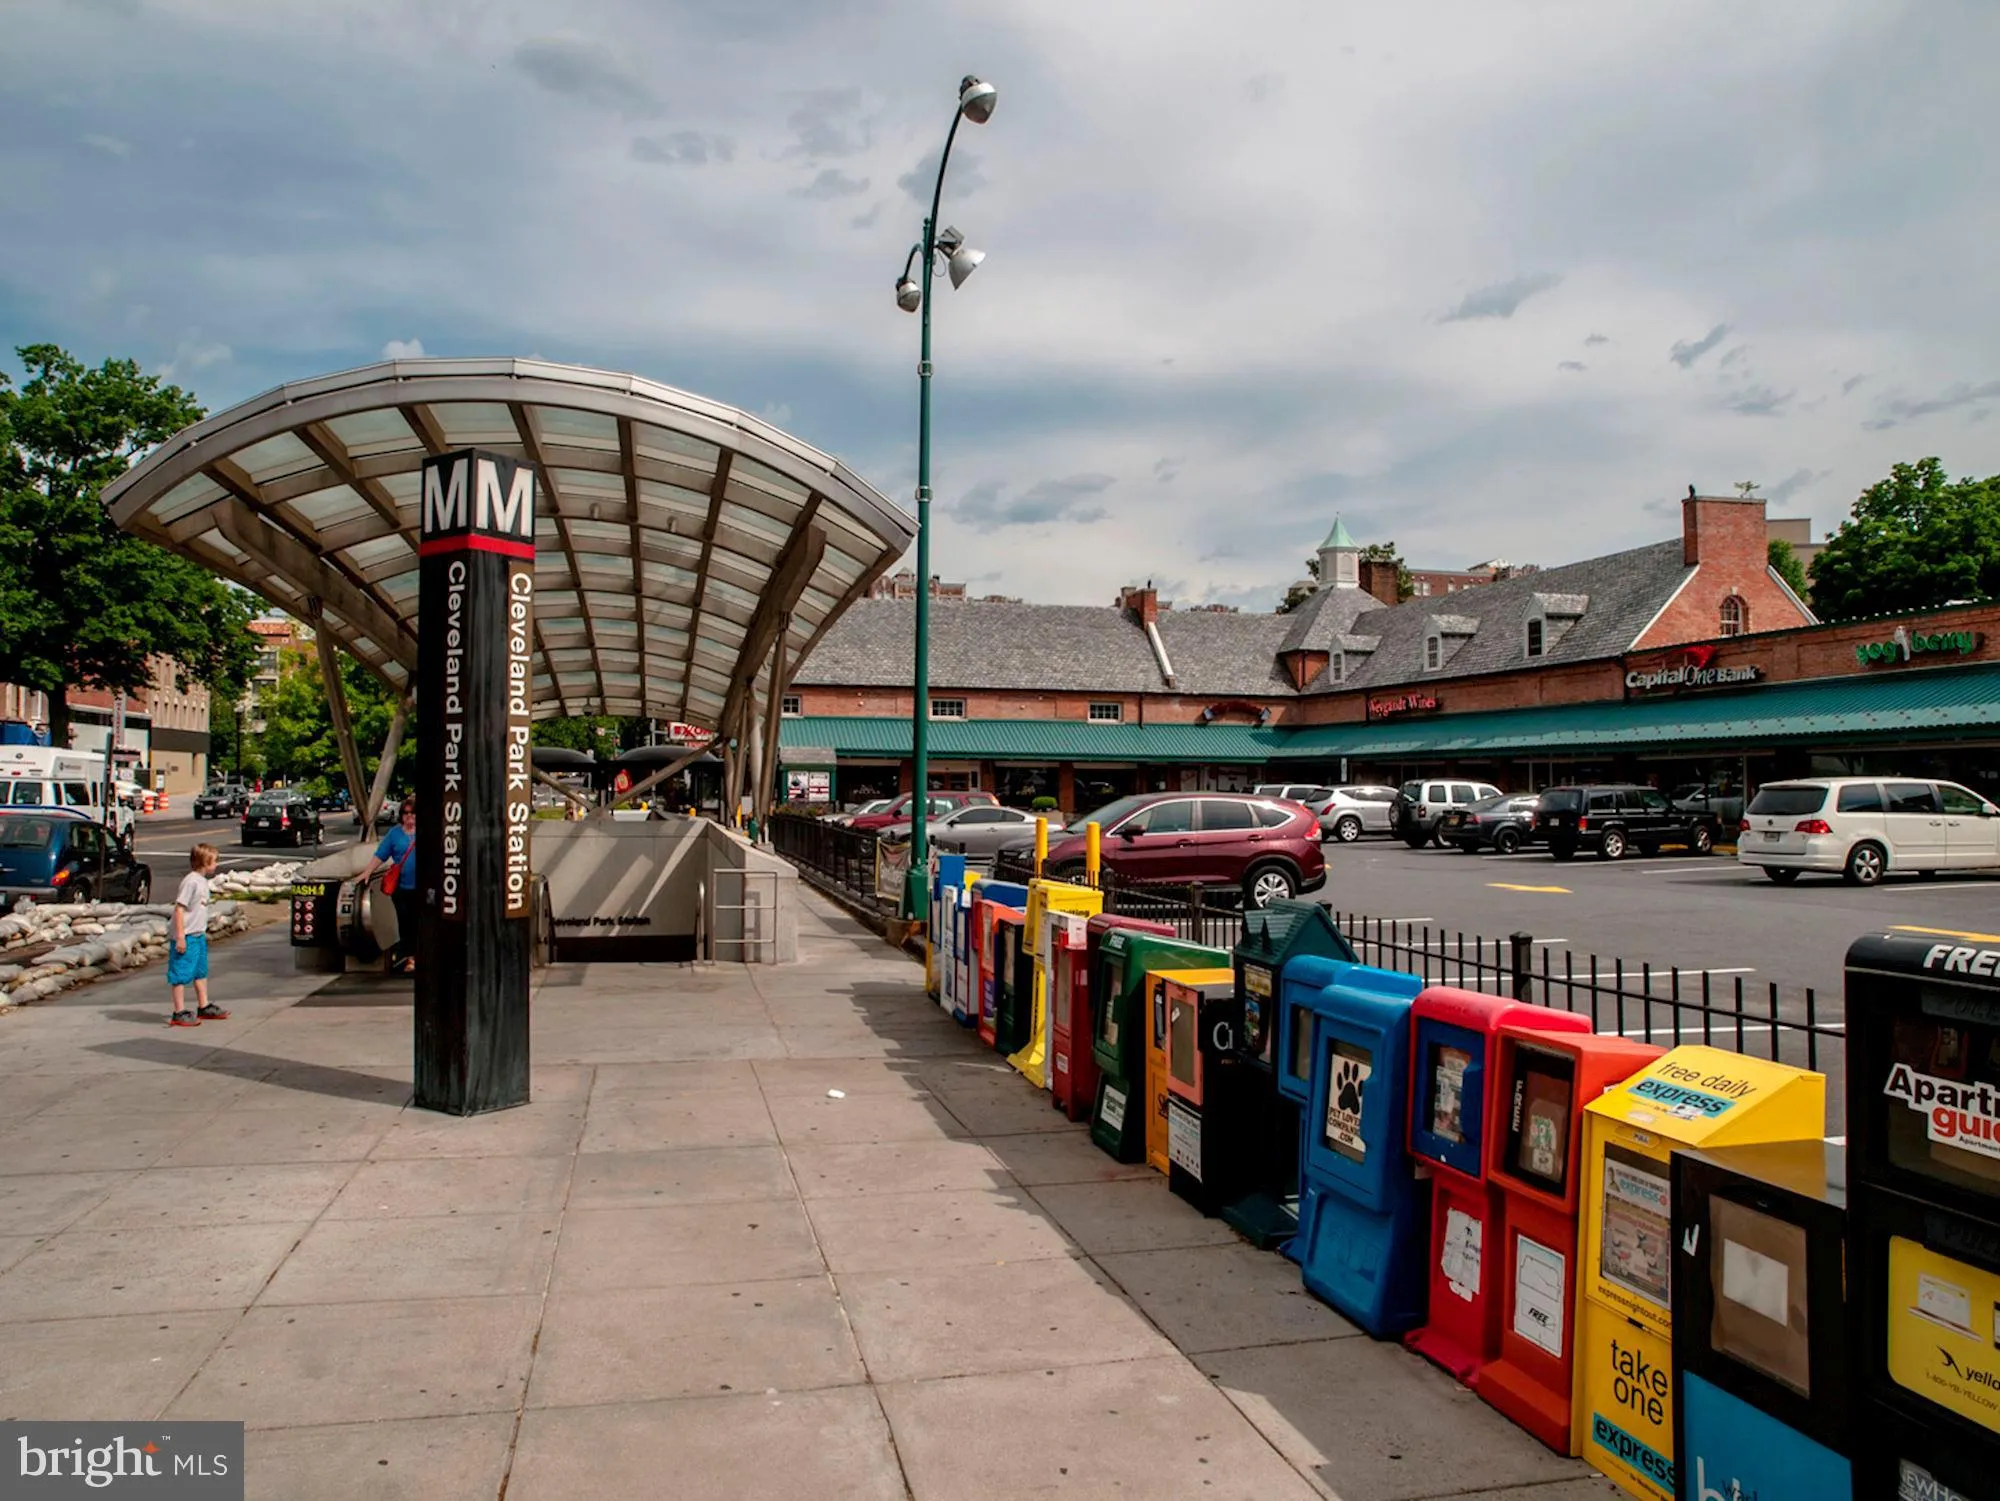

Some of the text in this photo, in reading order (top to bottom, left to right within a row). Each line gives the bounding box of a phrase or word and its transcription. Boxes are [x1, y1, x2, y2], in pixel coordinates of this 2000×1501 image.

[424, 458, 468, 534] M
[476, 458, 534, 538] M
[1716, 664, 1757, 683] Bank
[443, 560, 466, 915] Cleveland Park Station
[507, 572, 532, 911] Cleveland Park Station
[1923, 943, 2000, 978] FRE
[1636, 1079, 1727, 1113] express
[1656, 1061, 1757, 1100] free daily
[1888, 1065, 2000, 1119] Apart
[1932, 1106, 2000, 1141] gui
[1528, 1307, 1550, 1328] FREE
[1610, 1339, 1669, 1398] take
[1613, 1376, 1664, 1426] one

WHAT TO WORK ON:
Quote the listing above in full, except for the pictures.

SOLUTION:
Some of the text in this photo, in reading order (top to bottom, left to right within a row). Each line gives the bounding box of a phrase or word and its transcription. Boxes are [x1, y1, x2, y2], in pixel coordinates of this 2000×1501 image.

[424, 458, 468, 534] M
[476, 458, 534, 538] M
[1716, 664, 1757, 683] Bank
[443, 560, 466, 915] Cleveland Park Station
[507, 572, 532, 911] Cleveland Park Station
[1923, 943, 2000, 978] FRE
[1636, 1079, 1727, 1113] express
[1656, 1061, 1757, 1100] free daily
[1888, 1065, 2000, 1119] Apart
[1932, 1106, 2000, 1141] gui
[1528, 1307, 1550, 1328] FREE
[1610, 1339, 1669, 1398] take
[1613, 1376, 1664, 1426] one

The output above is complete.